» Data for the task:

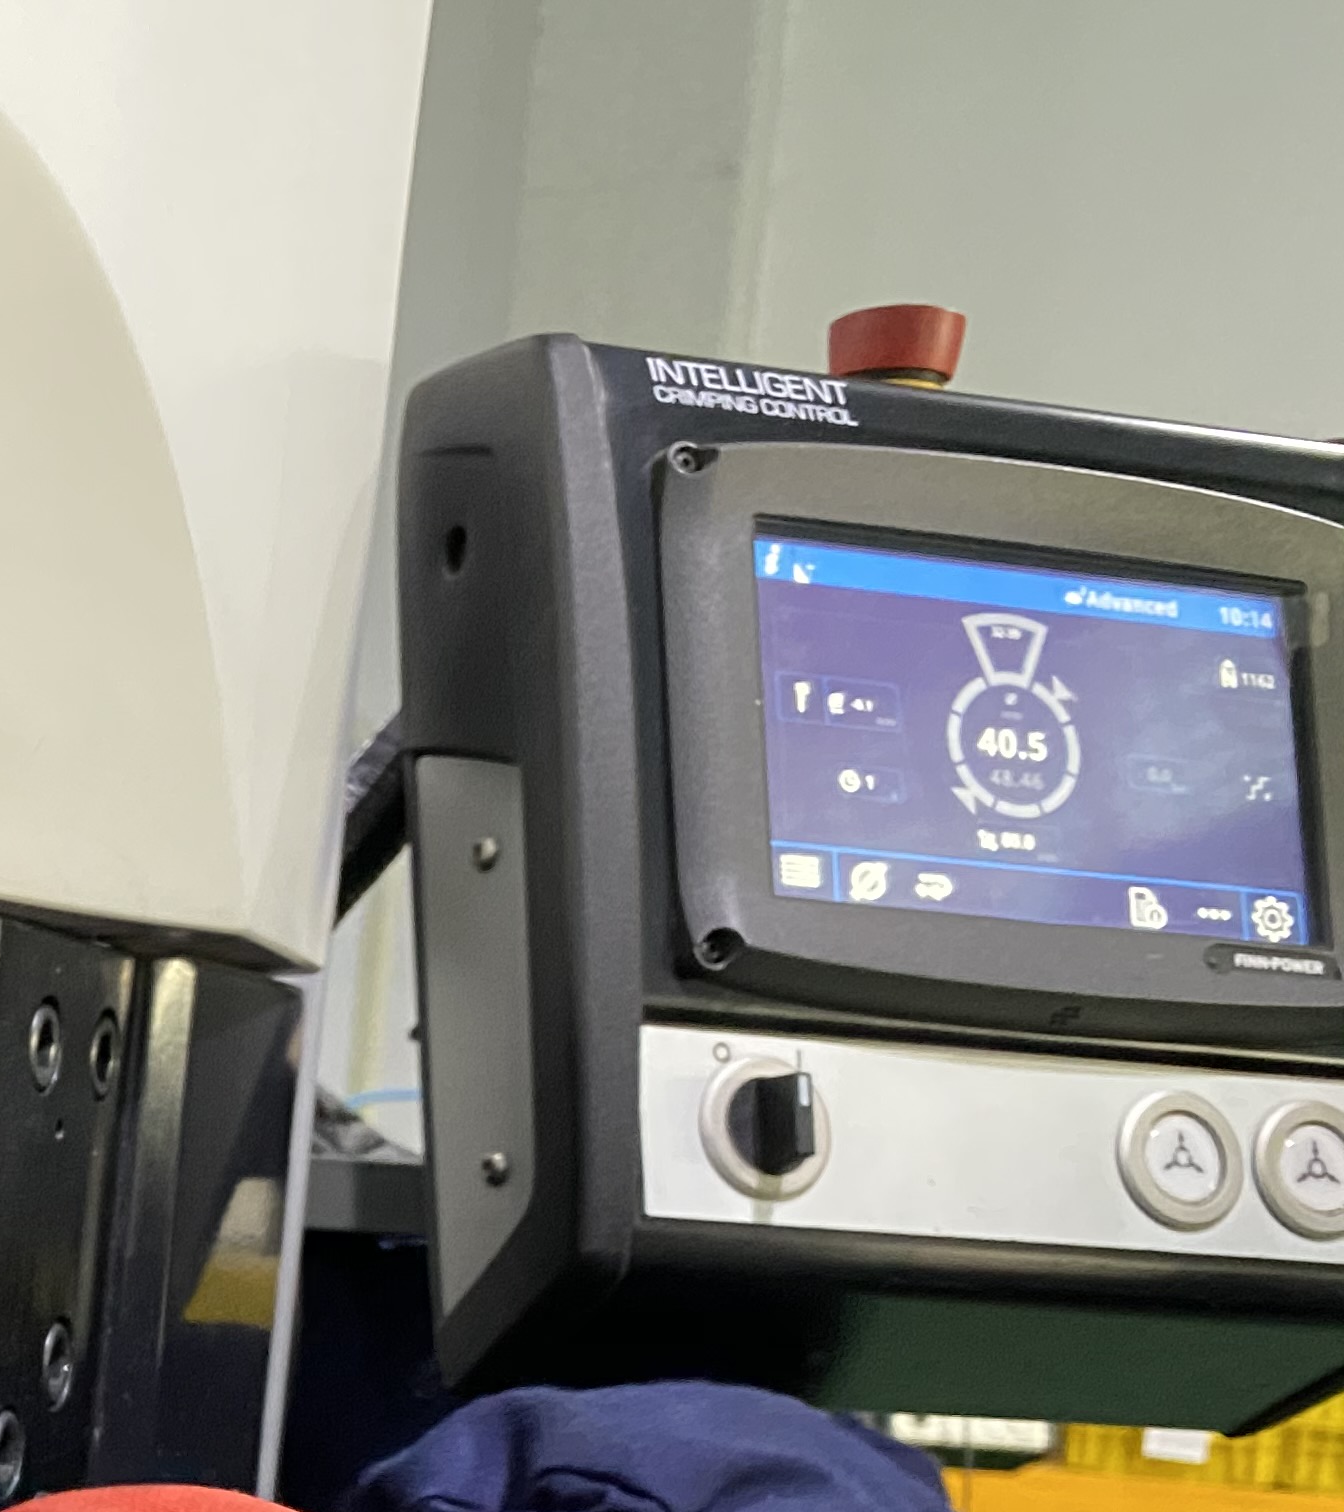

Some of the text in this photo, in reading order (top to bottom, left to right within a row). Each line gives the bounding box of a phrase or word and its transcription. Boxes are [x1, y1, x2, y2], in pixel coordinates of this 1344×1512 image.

[645, 356, 848, 405] INTELLIGENT
[653, 385, 859, 427] CRIMPING CONTROL
[1086, 590, 1273, 629] Advanced 10:14
[976, 727, 1048, 762] 40.5
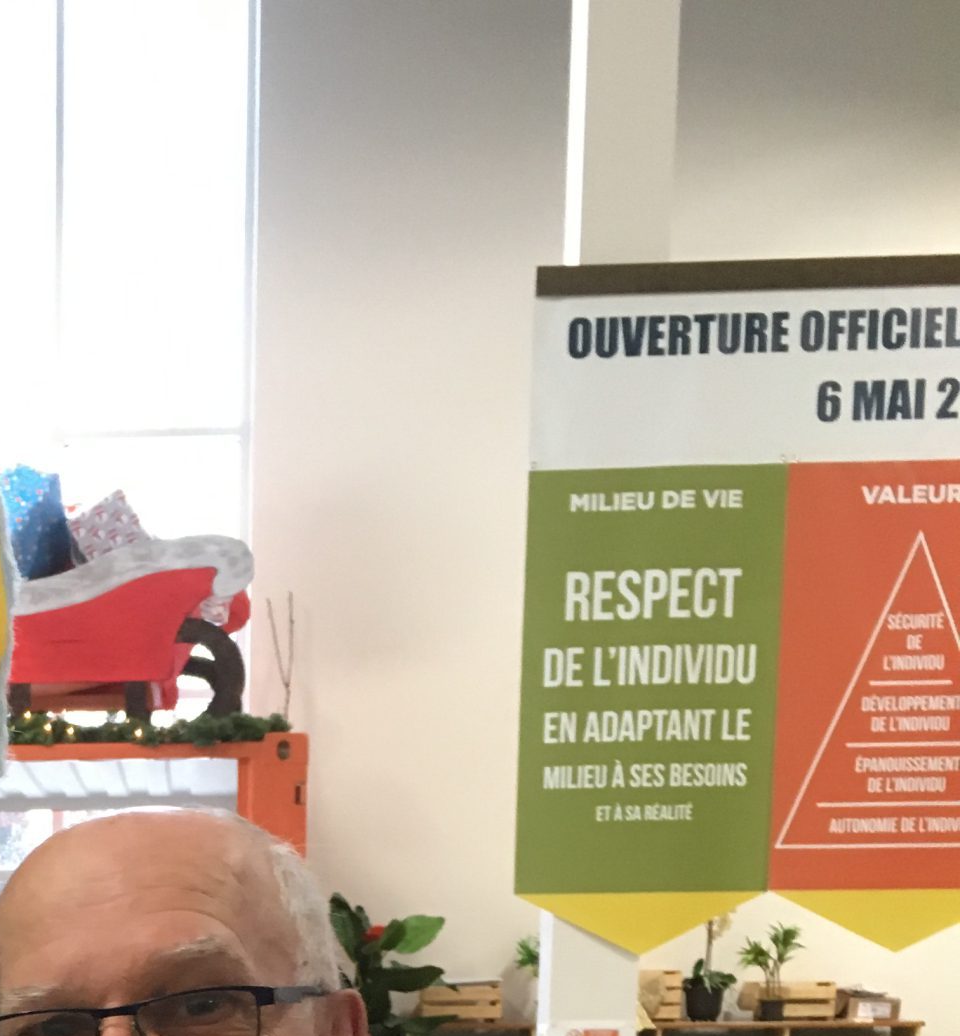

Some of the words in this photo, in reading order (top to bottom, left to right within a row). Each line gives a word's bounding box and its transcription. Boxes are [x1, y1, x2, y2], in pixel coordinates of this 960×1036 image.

[567, 311, 790, 358] OUVERTURE
[800, 307, 960, 352] OFFICIEL
[816, 380, 842, 422] 6
[852, 378, 926, 421] MAI
[936, 377, 960, 419] 2
[570, 491, 655, 512] MILIEU
[661, 489, 696, 510] DE
[703, 488, 743, 509] VIE
[565, 567, 743, 621] RESPECT
[887, 610, 944, 630] SÉCURITÉ
[906, 634, 923, 650] DE
[543, 646, 585, 688] DE
[593, 643, 757, 686] L'INDIVIDU
[883, 654, 945, 671] L'INDIVIDU
[543, 711, 577, 744] EN
[582, 709, 716, 743] ADAPTANT
[721, 708, 753, 741] LE
[870, 716, 887, 732] DE
[889, 715, 951, 732] L'INDIVIDU
[543, 764, 608, 789] MILIEU
[611, 759, 625, 788] À
[629, 763, 665, 787] SES
[669, 762, 748, 787] BESOINS
[867, 777, 883, 793] DE
[886, 776, 947, 793] L'INDIVIDU
[596, 805, 612, 822] ET
[613, 803, 624, 821] À
[625, 804, 642, 821] SA
[644, 801, 693, 821] RÉALITÉ
[829, 817, 898, 833] AUTONOMIE
[901, 817, 916, 832] DE
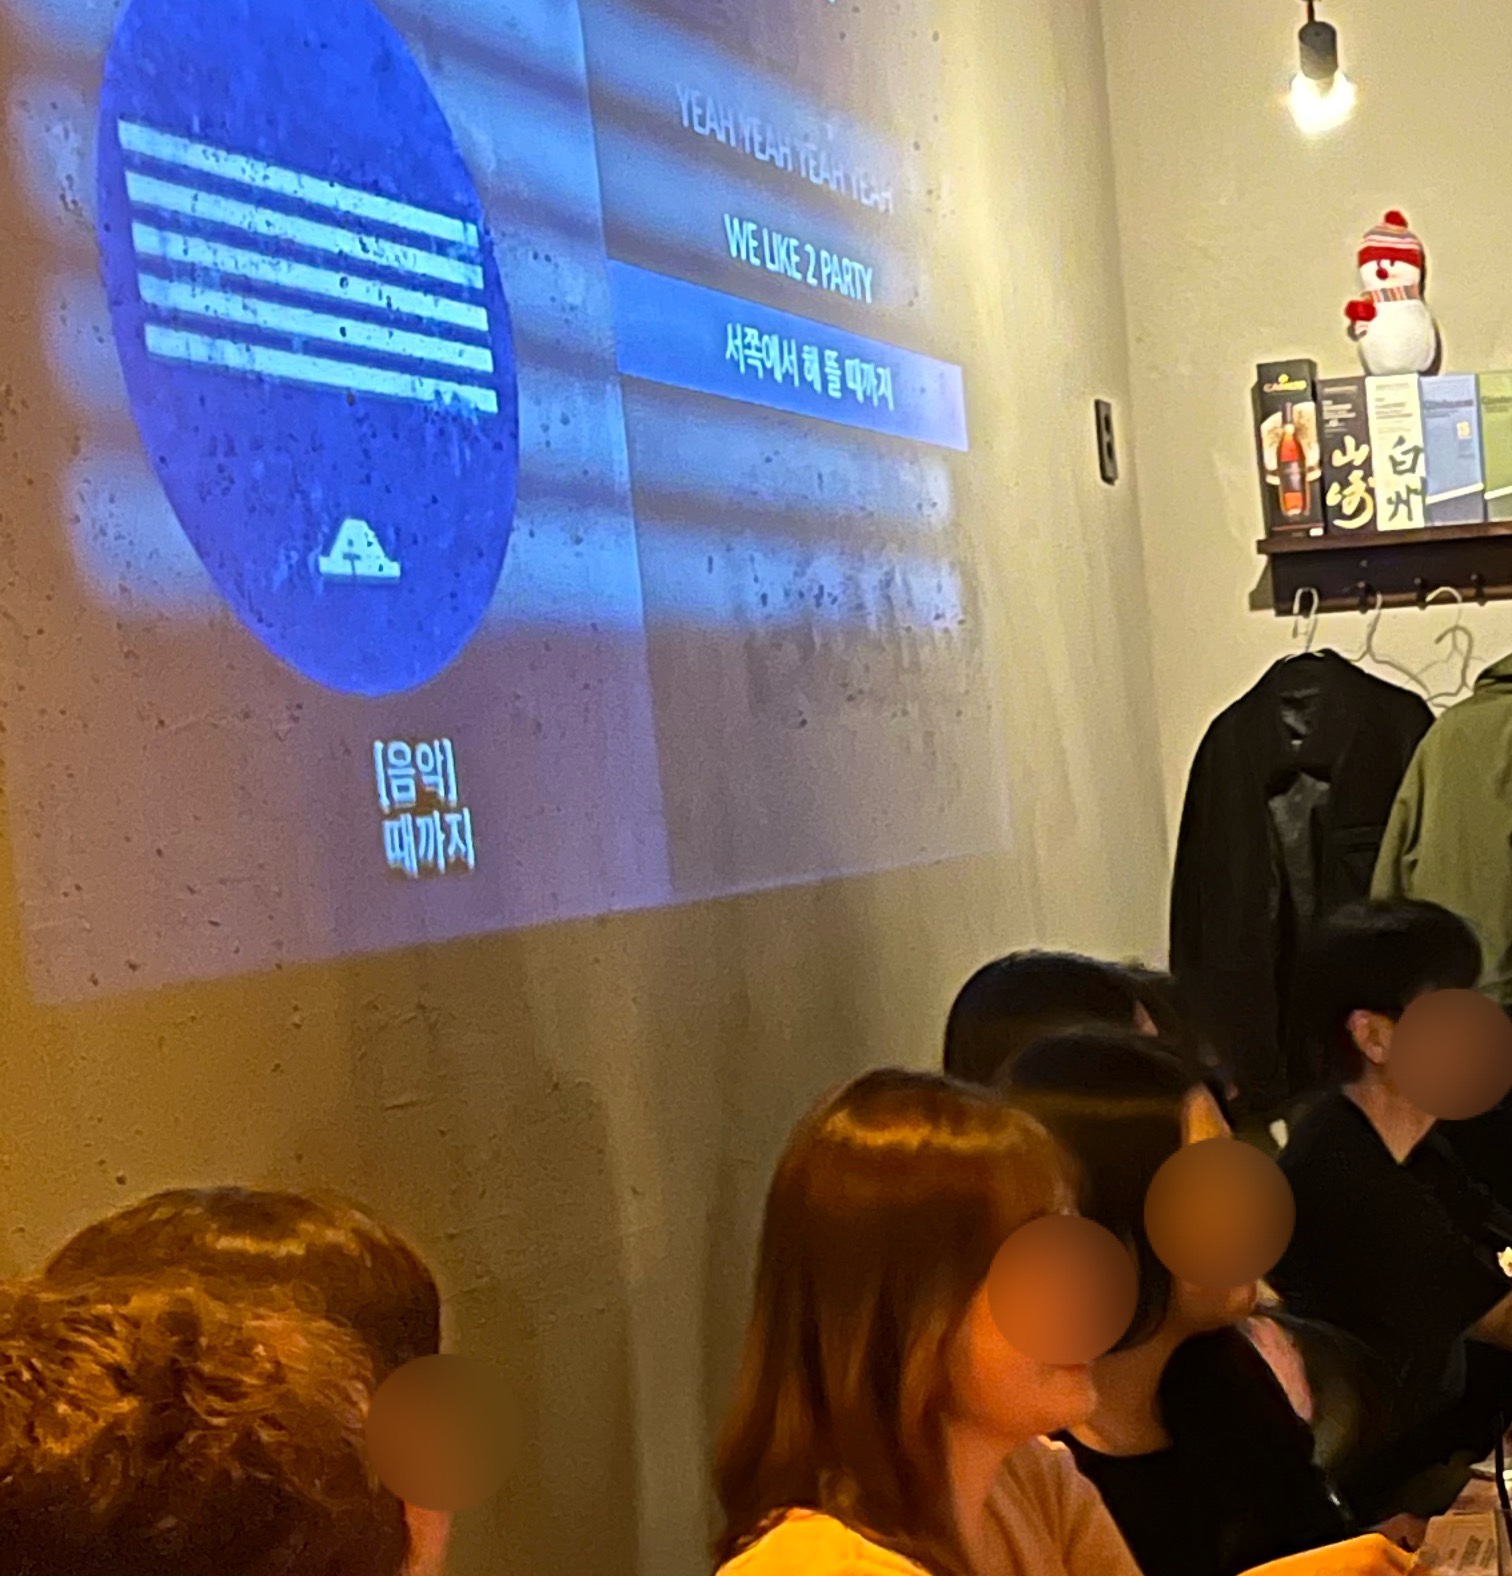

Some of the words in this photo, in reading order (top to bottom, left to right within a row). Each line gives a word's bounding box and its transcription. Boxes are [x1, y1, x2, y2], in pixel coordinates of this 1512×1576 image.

[676, 84, 736, 148] YEAH
[738, 111, 793, 173] YEAH
[796, 138, 846, 195] YEAH
[723, 213, 761, 267] WE
[762, 228, 802, 281] LIKE
[804, 243, 818, 287] 2
[819, 249, 873, 304] PARTY
[725, 322, 800, 388] 서쪽에서
[824, 349, 843, 399] 뜰
[844, 358, 894, 411] 때까지
[1386, 435, 1427, 522] 白州
[374, 738, 458, 814] [음악]
[382, 808, 475, 878] 때까지

» Assignment:
Retype the records exactly, but skip the pictures.

» Task solution:
Some of the text in this photo, in reading order (top to bottom, left to right within a row). Each line gives the bounding box of a phrase or word and its transcription. Boxes are [x1, y1, x2, y2], in pixel coordinates of this 1344×1512 image.

[645, 356, 848, 405] INTELLIGENT
[653, 385, 859, 427] CRIMPING CONTROL
[1086, 590, 1273, 629] Advanced 10:14
[976, 727, 1048, 762] 40.5

Some of the words in this photo, in reading order (top to bottom, left to right within a row). Each line gives a word's bounding box and its transcription. Boxes are [x1, y1, x2, y2], in pixel coordinates of this 960×1036 image.

[567, 311, 790, 358] OUVERTURE
[800, 307, 960, 352] OFFICIEL
[816, 380, 842, 422] 6
[852, 378, 926, 421] MAI
[936, 377, 960, 419] 2
[570, 491, 655, 512] MILIEU
[661, 489, 696, 510] DE
[703, 488, 743, 509] VIE
[565, 567, 743, 621] RESPECT
[887, 610, 944, 630] SÉCURITÉ
[906, 634, 923, 650] DE
[543, 646, 585, 688] DE
[593, 643, 757, 686] L'INDIVIDU
[883, 654, 945, 671] L'INDIVIDU
[543, 711, 577, 744] EN
[582, 709, 716, 743] ADAPTANT
[721, 708, 753, 741] LE
[870, 716, 887, 732] DE
[889, 715, 951, 732] L'INDIVIDU
[543, 764, 608, 789] MILIEU
[611, 759, 625, 788] À
[629, 763, 665, 787] SES
[669, 762, 748, 787] BESOINS
[867, 777, 883, 793] DE
[886, 776, 947, 793] L'INDIVIDU
[596, 805, 612, 822] ET
[613, 803, 624, 821] À
[625, 804, 642, 821] SA
[644, 801, 693, 821] RÉALITÉ
[829, 817, 898, 833] AUTONOMIE
[901, 817, 916, 832] DE

Some of the words in this photo, in reading order (top to bottom, left to right within a row). Each line gives a word's bounding box and its transcription. Boxes are [x1, y1, x2, y2], in pixel coordinates of this 1512×1576 image.

[676, 84, 736, 148] YEAH
[738, 111, 793, 173] YEAH
[796, 138, 846, 195] YEAH
[723, 213, 761, 267] WE
[762, 228, 802, 281] LIKE
[804, 243, 818, 287] 2
[819, 249, 873, 304] PARTY
[725, 322, 800, 388] 서쪽에서
[824, 349, 843, 399] 뜰
[844, 358, 894, 411] 때까지
[1386, 435, 1427, 522] 白州
[374, 738, 458, 814] [음악]
[382, 808, 475, 878] 때까지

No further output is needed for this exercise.